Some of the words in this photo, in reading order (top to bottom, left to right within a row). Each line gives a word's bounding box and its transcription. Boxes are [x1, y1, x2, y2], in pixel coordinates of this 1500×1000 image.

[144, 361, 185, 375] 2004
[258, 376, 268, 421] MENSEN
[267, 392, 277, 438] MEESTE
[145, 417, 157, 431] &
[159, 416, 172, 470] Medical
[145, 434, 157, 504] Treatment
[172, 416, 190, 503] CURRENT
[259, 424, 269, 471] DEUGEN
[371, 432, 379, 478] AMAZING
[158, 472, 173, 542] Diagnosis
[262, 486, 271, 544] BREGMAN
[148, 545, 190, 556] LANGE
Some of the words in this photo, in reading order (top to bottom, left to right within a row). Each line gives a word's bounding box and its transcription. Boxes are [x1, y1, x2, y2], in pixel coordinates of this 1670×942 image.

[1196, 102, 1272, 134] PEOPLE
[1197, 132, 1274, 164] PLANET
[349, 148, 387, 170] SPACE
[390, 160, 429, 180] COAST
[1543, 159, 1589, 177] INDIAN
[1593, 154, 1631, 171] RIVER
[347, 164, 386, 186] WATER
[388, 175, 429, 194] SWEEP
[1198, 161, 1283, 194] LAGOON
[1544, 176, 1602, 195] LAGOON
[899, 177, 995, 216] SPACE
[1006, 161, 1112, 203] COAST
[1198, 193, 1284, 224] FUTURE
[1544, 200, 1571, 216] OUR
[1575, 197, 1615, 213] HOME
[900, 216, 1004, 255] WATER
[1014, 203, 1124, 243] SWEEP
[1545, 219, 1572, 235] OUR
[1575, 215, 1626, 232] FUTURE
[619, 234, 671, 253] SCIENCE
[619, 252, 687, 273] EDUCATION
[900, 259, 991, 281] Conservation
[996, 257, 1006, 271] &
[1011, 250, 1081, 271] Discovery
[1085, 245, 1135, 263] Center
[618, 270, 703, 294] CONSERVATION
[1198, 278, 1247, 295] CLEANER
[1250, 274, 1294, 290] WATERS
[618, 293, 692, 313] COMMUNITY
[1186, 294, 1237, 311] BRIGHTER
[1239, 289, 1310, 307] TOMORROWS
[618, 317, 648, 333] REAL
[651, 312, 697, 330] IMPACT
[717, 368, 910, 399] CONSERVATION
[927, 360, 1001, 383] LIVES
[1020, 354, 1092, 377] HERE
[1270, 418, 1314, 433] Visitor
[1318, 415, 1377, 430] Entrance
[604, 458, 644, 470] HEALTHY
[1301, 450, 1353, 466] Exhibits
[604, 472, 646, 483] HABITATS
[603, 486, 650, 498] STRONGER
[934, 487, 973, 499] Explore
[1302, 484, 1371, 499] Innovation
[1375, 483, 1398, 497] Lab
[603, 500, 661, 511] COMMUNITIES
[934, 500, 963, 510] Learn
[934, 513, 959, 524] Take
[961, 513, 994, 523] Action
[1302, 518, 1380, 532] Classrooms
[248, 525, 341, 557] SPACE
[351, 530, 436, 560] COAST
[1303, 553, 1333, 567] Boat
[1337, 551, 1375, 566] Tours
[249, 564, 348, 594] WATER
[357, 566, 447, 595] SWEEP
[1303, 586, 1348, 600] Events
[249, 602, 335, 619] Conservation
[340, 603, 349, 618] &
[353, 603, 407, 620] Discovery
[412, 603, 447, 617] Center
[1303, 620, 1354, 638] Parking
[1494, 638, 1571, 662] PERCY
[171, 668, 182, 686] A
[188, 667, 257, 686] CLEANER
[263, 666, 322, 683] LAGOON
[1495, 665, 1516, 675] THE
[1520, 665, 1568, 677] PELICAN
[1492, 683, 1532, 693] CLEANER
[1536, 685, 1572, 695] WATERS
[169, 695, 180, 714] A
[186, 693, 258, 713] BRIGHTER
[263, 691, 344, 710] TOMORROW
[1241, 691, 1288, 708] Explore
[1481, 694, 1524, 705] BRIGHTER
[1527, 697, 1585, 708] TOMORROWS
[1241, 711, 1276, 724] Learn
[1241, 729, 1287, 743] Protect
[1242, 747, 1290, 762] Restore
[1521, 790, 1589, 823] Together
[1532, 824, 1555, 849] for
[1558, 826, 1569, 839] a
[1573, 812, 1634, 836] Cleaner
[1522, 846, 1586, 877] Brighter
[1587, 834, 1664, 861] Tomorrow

--------------------------------

Task prompt:
In the records, count every line that includes "Learn" and give the count alone.

Exercise output:
2